Monday, November 03, 2014

While I Was Sleeping

I wrote a really long post the other day. I didn't post it because it felt rambling and disoriented. Today I checked and ... yeah ... rambling and disorientated. Delete.
For the first few days of my recovery I was drugged and mostly asleep. Even when I wasn't asleep I often had my eyes closed because I was nauseated. I didn't even turn on the computer. I checked Facebook on my phone from time to time but it was all a bit of a blur. And there were interesting things happening that I wanted to have conversations about but I couldn't form coherent thoughts.
This happens to me even when I'm not on drugs.

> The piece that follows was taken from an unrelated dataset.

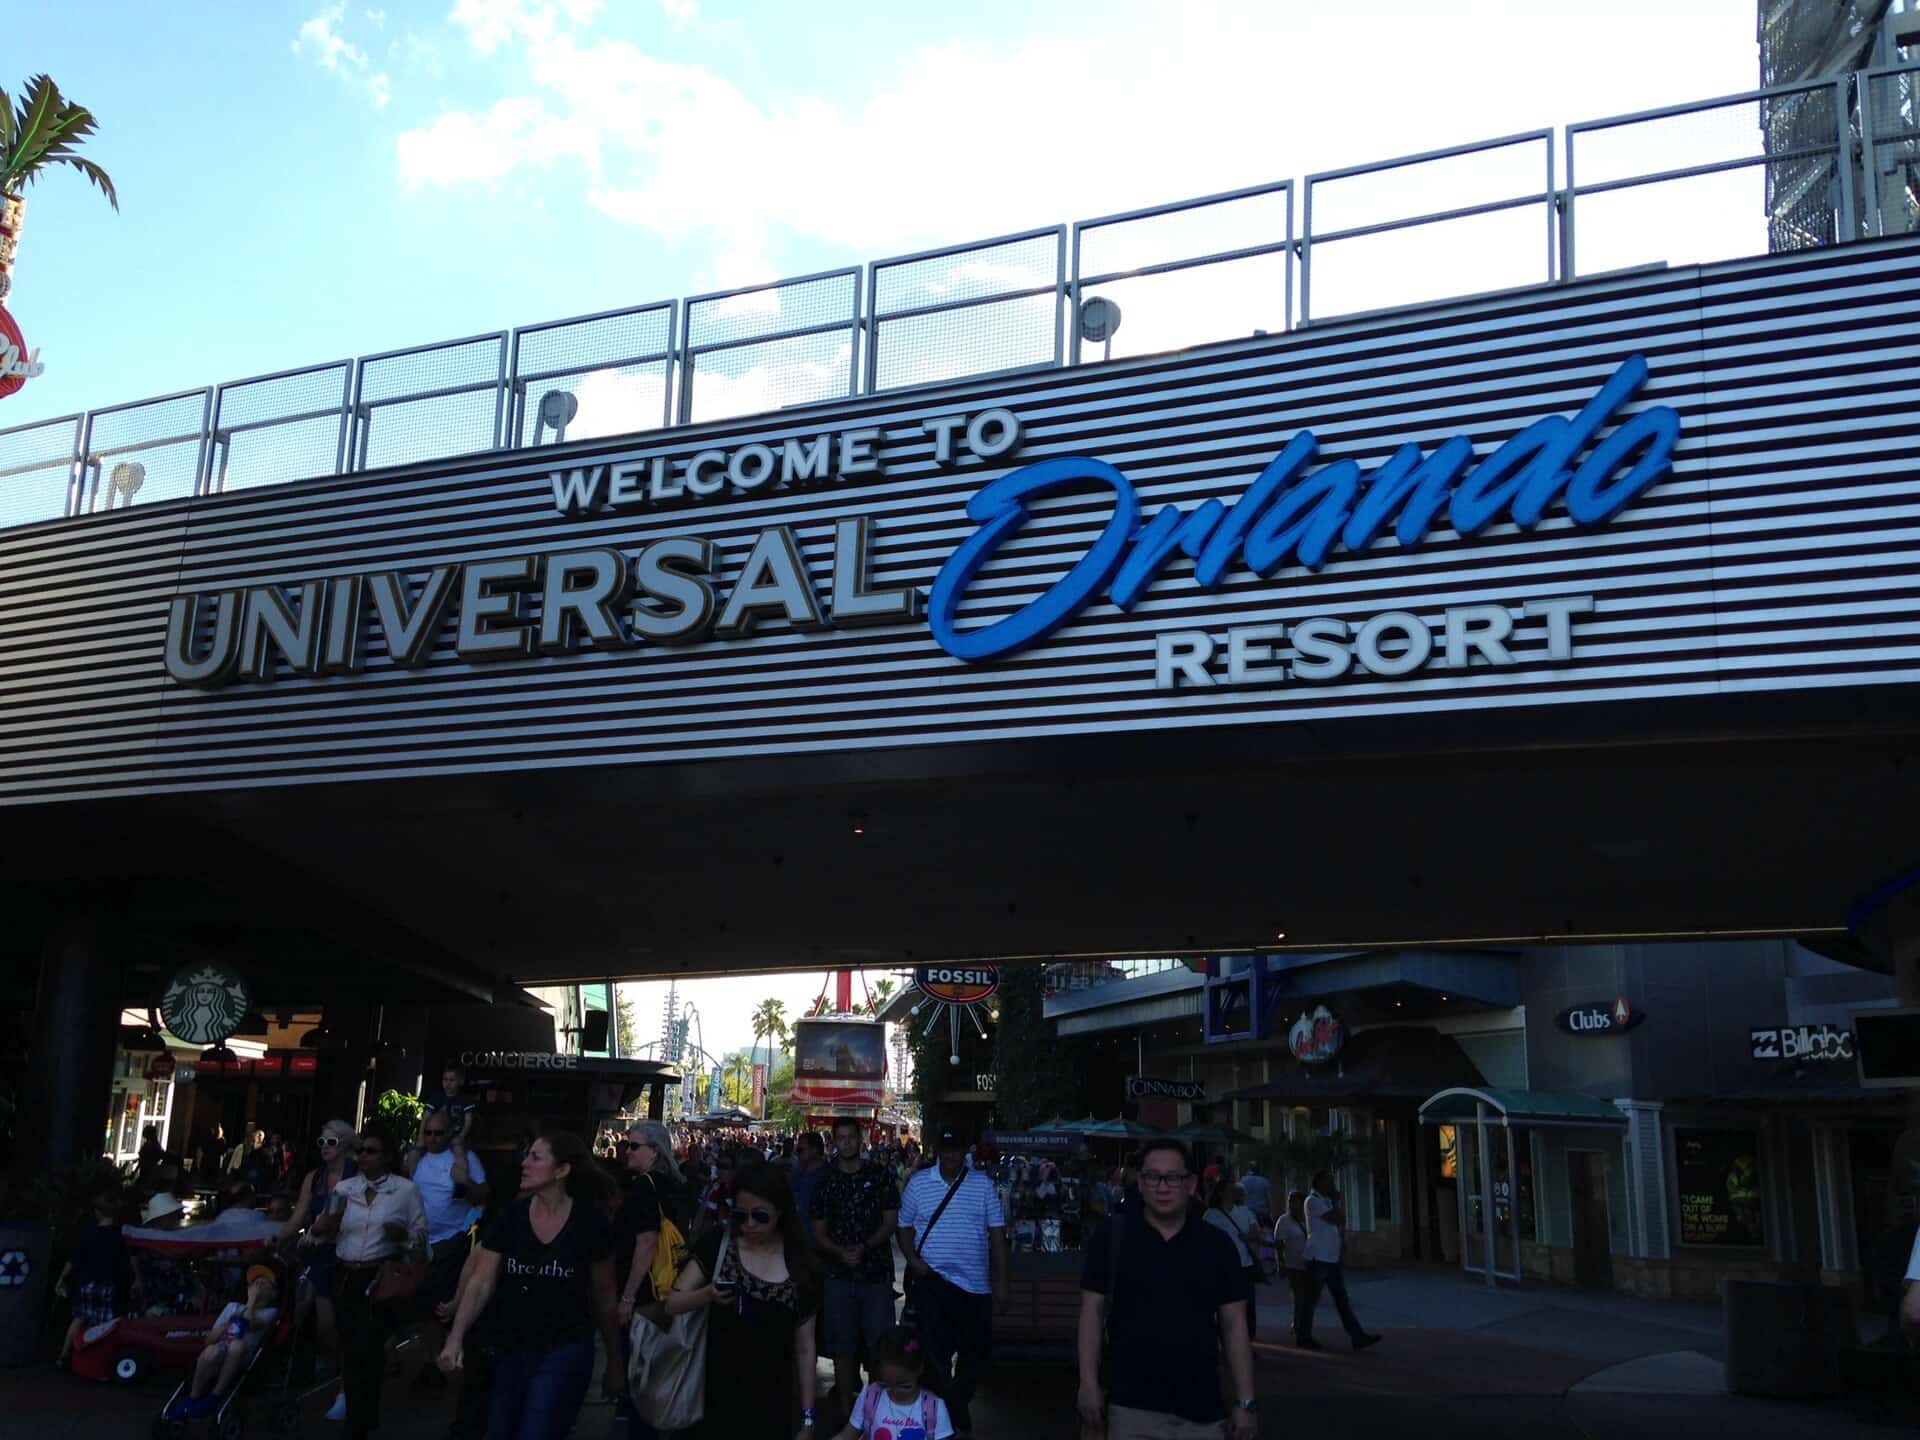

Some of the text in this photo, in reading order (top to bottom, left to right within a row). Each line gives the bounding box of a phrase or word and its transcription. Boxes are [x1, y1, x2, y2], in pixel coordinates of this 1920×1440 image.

I rarely have opinions that don't include accommodation of other possibilities. It's a relief when I do have an absolute feeling. Most of the time I am arguing internally. I actually want this level of discomfort because I want to be intellectually open and flexible. Boundaries usually feel semipermeable.  
The post was about my desire for complexity in conversations. And that is all. The problem with it was me trying to use a few cultural events to talk about it and being all over the map.
So I get why it's hard for me to write much. My thinking is static, meandering, abstract. Not necessarily bad thinking but not exactly easy to organize. It's one of the reasons I don't do much on Twitter.
Heh.
Sometimes I don't let it stop me. I write the wandering loopy stuff out and toss it into the fray.
The problem is that I still want to have the conversations. There was a cafe time in my life. I wandered from cafe to cafe meeting up with friends and talking. I didn't have much money so I mostly drank coffee. I can remember feeling an electric buzz in my blood stream from day long caffeine. It was fun.
And the early days of blogging felt a bit like that. Like there were conversions popping everywhere and it was possible to participate. All that is still out there but I am not as willing to engage. Conversations in comment boxes don't always work.
I think the fact that I was only half awake made me want to participate more than the days when I'm scrolling along skipping the four hundred posts about famous people (except Joni Mitchel and Leonard Cohen and Ram Das) (and Wavy Gravy) skipping the constructed social models and new health trends. Skipping the endless quiz-of-the-day (mostly.) Skipping the animals and babies unless they belong to a friend.
It might have been funny to post the rambling disoriented post. I may flatter myself to imagine most of my posts aren't rambling and disoriented.